Dr. Allan Schore
π€ SpeakerAppearances Over Time
Podcast Appearances
You understand that I was trained in psychoanalysis and I'm a psychodynamic psychotherapist in addition to a scientist, neuroscientist. So the unconscious has been something that I have been aware of and have been writing about and it's a central part of what I'm writing about to this day. Essentially, as we're going to see, I'm suggesting that the right brain is the unconscious mind.
So when you ask how much of things really are conscious and how much are unconscious, I'm also looking at that neurobiologically in terms of how much of activity is going on in the right brain. The right brain is always processing information, always, especially emotional information at levels beneath conscious awareness, especially when you're in an emotional interaction.
So how much really are things conscious? I would say that when it comes to the basic motivations of why we do what we do, 95 to 90% of that is unconscious. And there has been data to show that that is the case. At most, although we think that our conscious mind literally is making all of these decisions, underneath that, at all points in time, the unconscious is operating.
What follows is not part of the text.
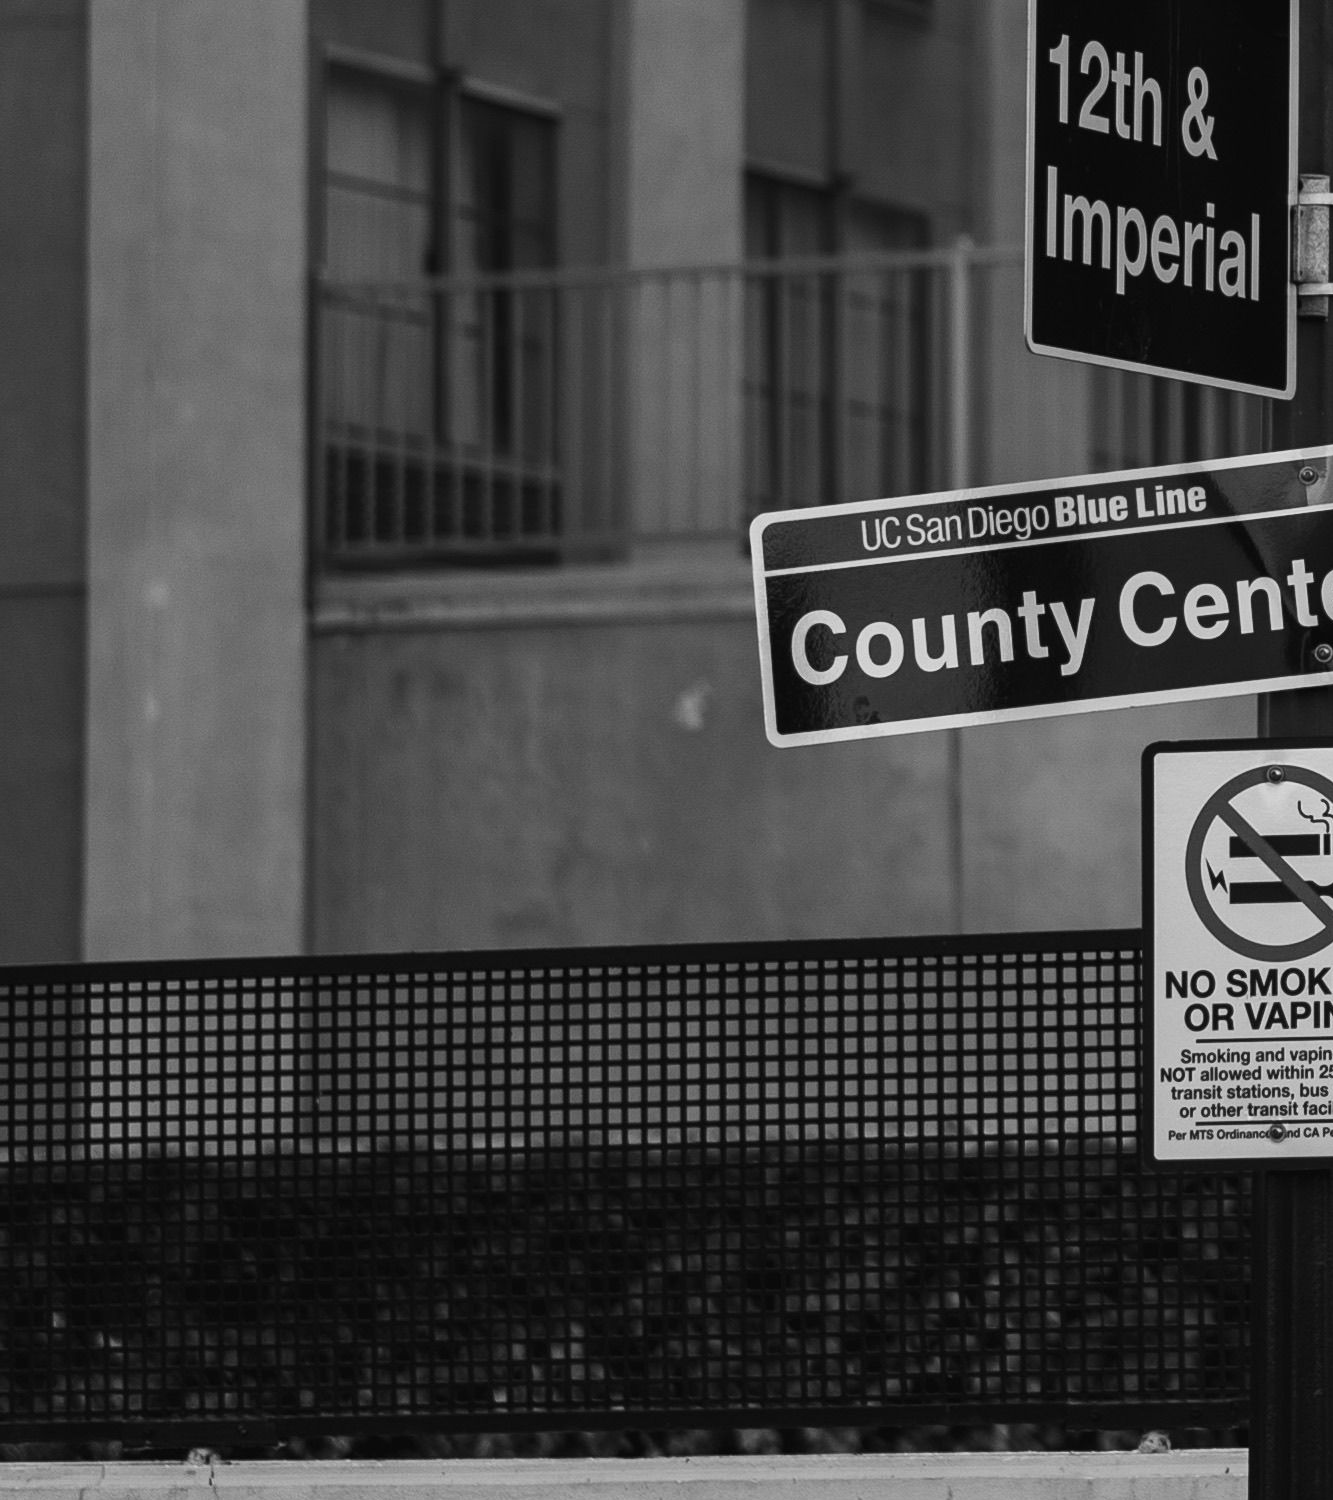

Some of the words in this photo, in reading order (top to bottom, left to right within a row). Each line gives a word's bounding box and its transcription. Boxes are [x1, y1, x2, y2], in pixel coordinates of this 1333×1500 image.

It used to be thought that the unconscious only comes forth in dreams at night. Well, we now know that this right brain is reading unconscious communications between us. Communications, is it safe to be with you? Do you understand what I'm saying? Really the critical ones, always operating and much more important than we had thought itself.
The answer to that is pretty clear at this point in time. And incidentally, some of these questions about the unconscious are provided by neurobiology. But essentially, here's what we know. There was discoveries that were being made in the 80s and the 90s about the human brain growth spurt.
The human brain growth spurt occurs from the last trimester of pregnancy through the second until the third year of life. All of that time is a period of right hemisphere dominance. And actually, there have been six major studies in neuroscience laboratories around the world that have shown that the right hemisphere is dominant during that period of time.
In fact, there's a recent study in Mexico where they looked at two to three months, six to eight months, nine to 12 months. At each point in time, they noticed that the right hemisphere was accelerating its growth, the left was not. So the right is dominant very early. In fact, there's evidence to show that even in utero, there is a right lateralization.
Now remember, the lateralization is part of all systems. And what is lateralized is not only the cortical areas, but the subcortical areas, et cetera. So if you take, let's say, the amygdala, there's a difference between the right amygdala and the left amygdala. And again, the right hemisphere. So the answer to that is very clearly now.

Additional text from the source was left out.